Material to process ->
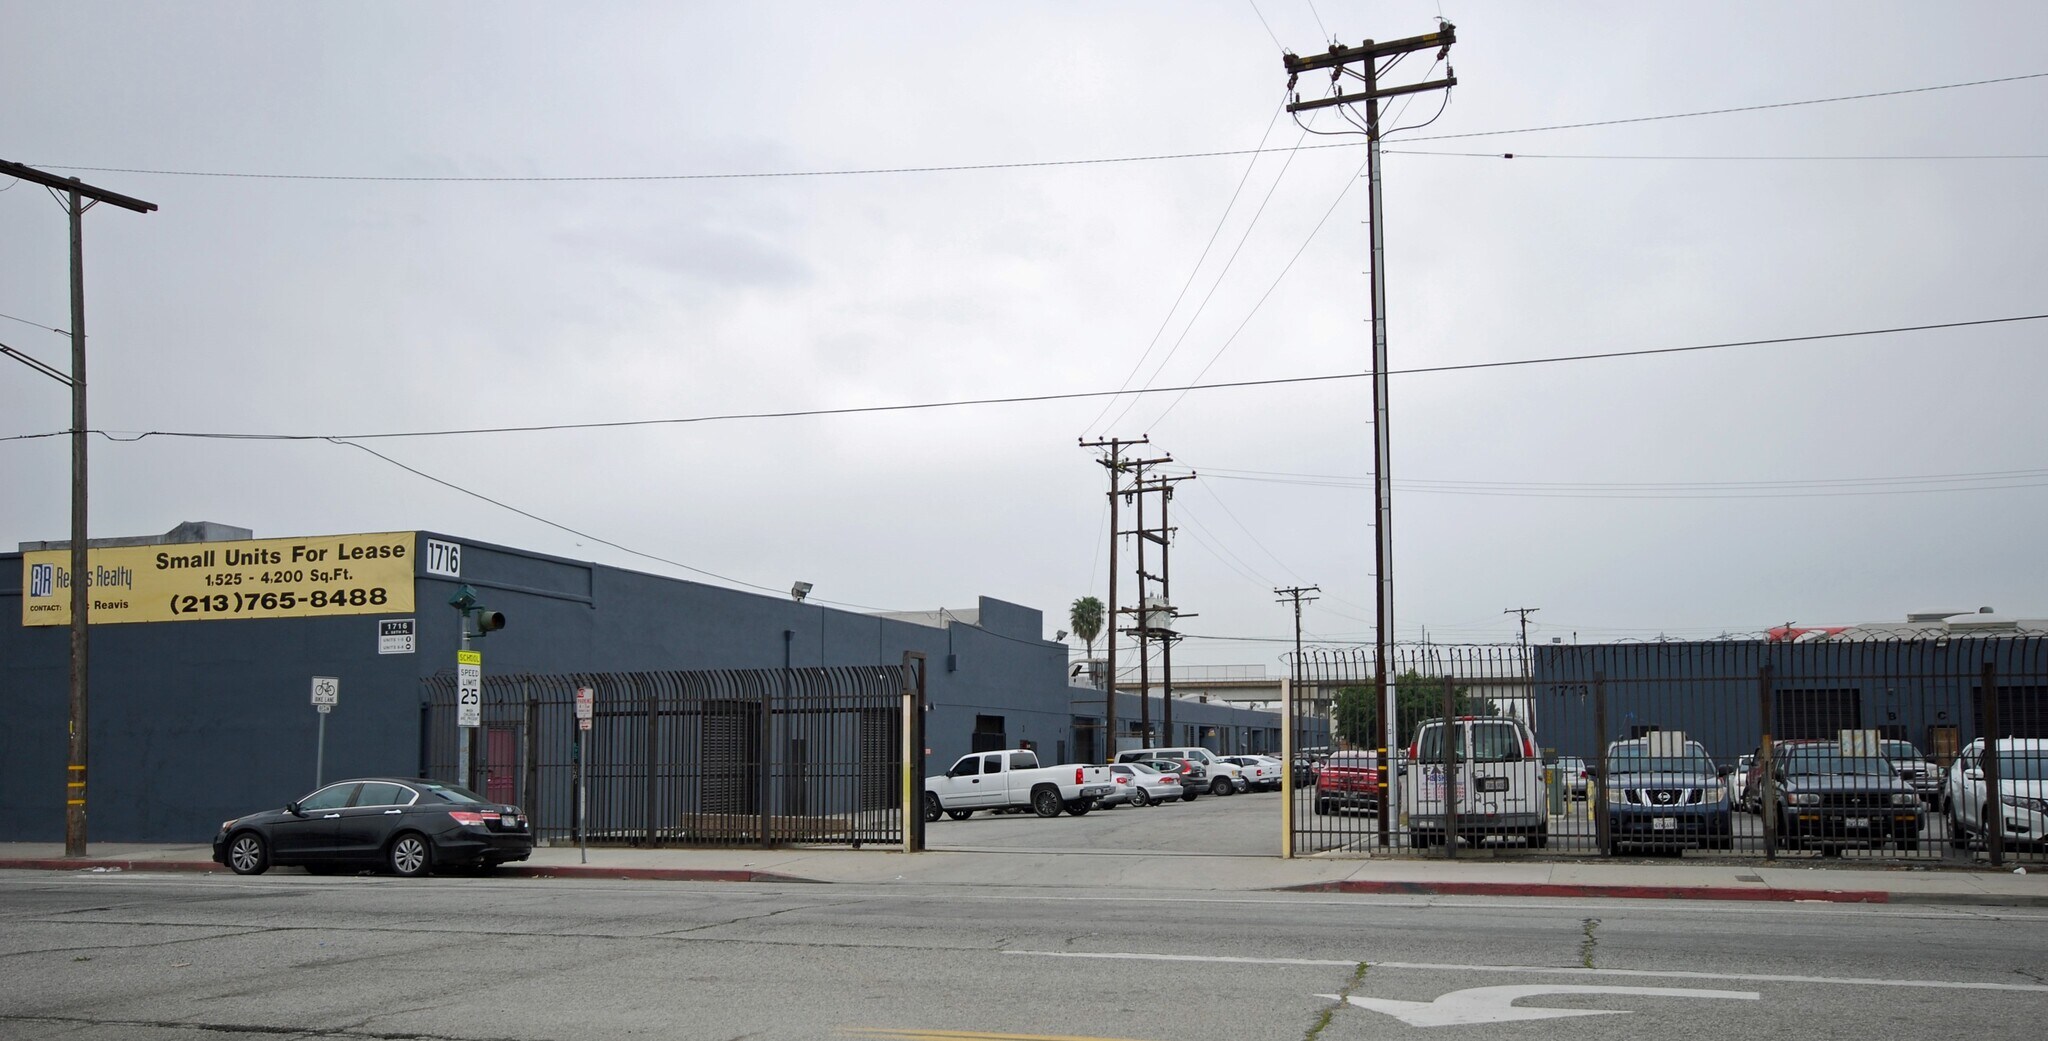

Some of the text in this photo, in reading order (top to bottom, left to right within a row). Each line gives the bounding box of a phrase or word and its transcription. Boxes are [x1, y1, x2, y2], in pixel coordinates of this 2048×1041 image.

[156, 543, 406, 570] Small Units For Lease
[429, 542, 459, 574] 1716
[56, 565, 132, 590] Res Realty
[310, 568, 353, 583] Sq.Ft.
[30, 604, 62, 612] CONTACT:
[94, 600, 129, 610] Reavis
[460, 654, 480, 663] SCHOOL
[461, 669, 479, 677] SPEED
[461, 688, 478, 705] 25
[1888, 712, 1897, 720] B
[1938, 711, 1947, 720] C
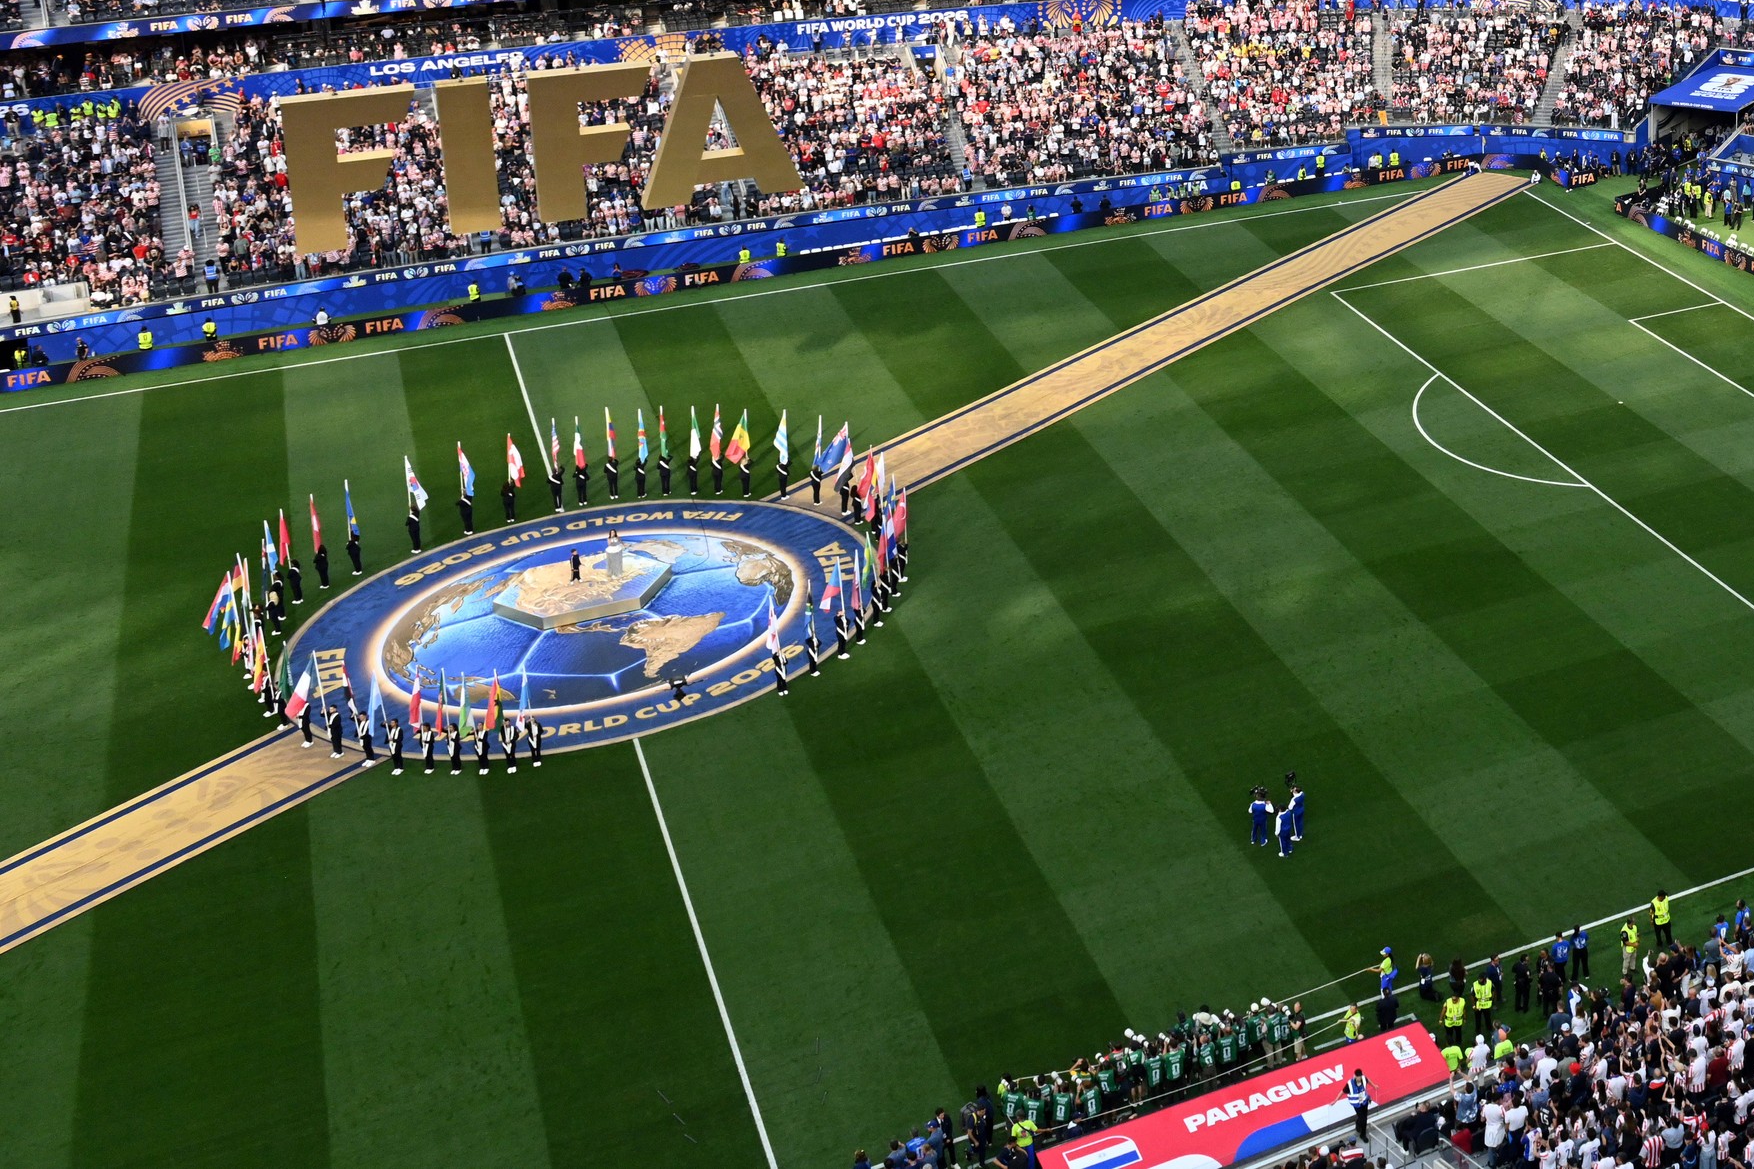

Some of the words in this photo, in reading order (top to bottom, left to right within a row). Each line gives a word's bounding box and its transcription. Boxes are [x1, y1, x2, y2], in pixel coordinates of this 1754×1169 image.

[149, 20, 179, 32] FIFA
[796, 23, 830, 35] FIFA
[830, 17, 885, 32] WORLD
[886, 14, 916, 27] CUP
[369, 62, 416, 76] LOS
[421, 51, 525, 72] ANGELES
[280, 50, 804, 255] FIFA
[1256, 152, 1273, 160] FIFA
[1378, 168, 1405, 182] FIFA
[1725, 165, 1739, 173] FIFA
[1570, 172, 1595, 186] FIFA
[1220, 192, 1248, 205] FIFA
[1144, 203, 1173, 217] FIFA
[967, 229, 999, 243] FIFA
[594, 241, 616, 251] FIFA
[882, 242, 915, 256] FIFA
[1701, 239, 1720, 256] FIFA
[539, 248, 561, 259] FIFA
[434, 263, 457, 274] FIFA
[375, 271, 398, 282] FIFA
[684, 270, 720, 286] FIFA
[263, 288, 288, 299] FIFA
[589, 284, 626, 301] FIFA
[201, 297, 225, 308] FIFA
[82, 315, 108, 326] FIFA
[365, 317, 404, 334] FIFA
[14, 326, 41, 337] FIFA
[258, 334, 298, 350] FIFA
[6, 370, 52, 388] FIFA
[566, 510, 674, 531] WORLD
[682, 510, 744, 522] FIFA
[500, 525, 561, 547] CUP
[393, 543, 497, 587] 2026
[812, 540, 855, 583] FIFA
[311, 647, 347, 699] FIFA
[634, 692, 702, 720] CUP
[1183, 1063, 1344, 1133] PARAGUAY
[1539, 1112, 1550, 1126] 15
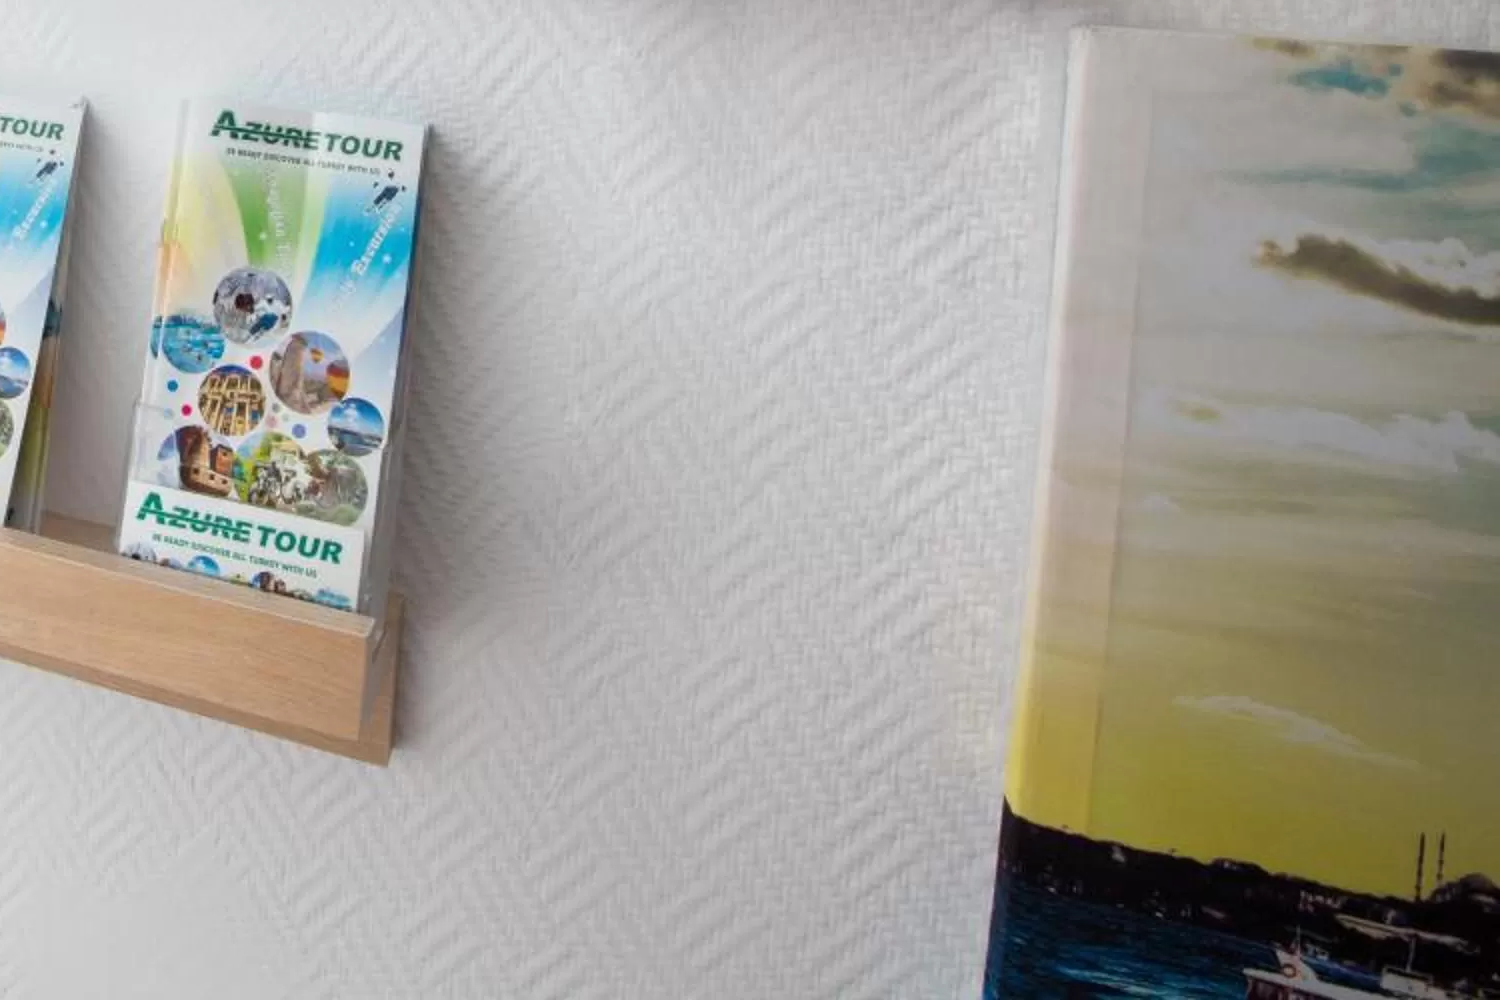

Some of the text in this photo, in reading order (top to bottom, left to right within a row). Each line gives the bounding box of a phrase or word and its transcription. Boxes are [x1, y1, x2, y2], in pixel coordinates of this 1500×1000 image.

Exercise details -> Because the pictures are not wanted, retype only the text of every record, exactly as given.

Expected answer ->
Some of the text in this photo, in reading order (top to bottom, left to right within a row). Each line gives the bounding box of a phrase or word and its transcription. Boxes are [x1, y1, x2, y2], in pixel coordinates of this 2048×1041 image.

[156, 543, 406, 570] Small Units For Lease
[429, 542, 459, 574] 1716
[56, 565, 132, 590] Res Realty
[310, 568, 353, 583] Sq.Ft.
[30, 604, 62, 612] CONTACT:
[94, 600, 129, 610] Reavis
[460, 654, 480, 663] SCHOOL
[461, 669, 479, 677] SPEED
[461, 688, 478, 705] 25
[1888, 712, 1897, 720] B
[1938, 711, 1947, 720] C

Some of the words in this photo, in reading order (top to bottom, left to right within a row). Each line gives a word's bounding box and its transcription. Boxes are [x1, y1, x2, y2], in pixel coordinates of this 1754×1169 image.

[149, 20, 179, 32] FIFA
[796, 23, 830, 35] FIFA
[830, 17, 885, 32] WORLD
[886, 14, 916, 27] CUP
[369, 62, 416, 76] LOS
[421, 51, 525, 72] ANGELES
[280, 50, 804, 255] FIFA
[1256, 152, 1273, 160] FIFA
[1378, 168, 1405, 182] FIFA
[1725, 165, 1739, 173] FIFA
[1570, 172, 1595, 186] FIFA
[1220, 192, 1248, 205] FIFA
[1144, 203, 1173, 217] FIFA
[967, 229, 999, 243] FIFA
[594, 241, 616, 251] FIFA
[882, 242, 915, 256] FIFA
[1701, 239, 1720, 256] FIFA
[539, 248, 561, 259] FIFA
[434, 263, 457, 274] FIFA
[375, 271, 398, 282] FIFA
[684, 270, 720, 286] FIFA
[263, 288, 288, 299] FIFA
[589, 284, 626, 301] FIFA
[201, 297, 225, 308] FIFA
[82, 315, 108, 326] FIFA
[365, 317, 404, 334] FIFA
[14, 326, 41, 337] FIFA
[258, 334, 298, 350] FIFA
[6, 370, 52, 388] FIFA
[566, 510, 674, 531] WORLD
[682, 510, 744, 522] FIFA
[500, 525, 561, 547] CUP
[393, 543, 497, 587] 2026
[812, 540, 855, 583] FIFA
[311, 647, 347, 699] FIFA
[634, 692, 702, 720] CUP
[1183, 1063, 1344, 1133] PARAGUAY
[1539, 1112, 1550, 1126] 15

Some of the text in this photo, in reading order (top to bottom, left to right within a row). Each line gives the bounding box of a phrase or word and its transcription. Boxes are [x1, y1, x2, y2], in pixel coordinates of this 1500×1000 image.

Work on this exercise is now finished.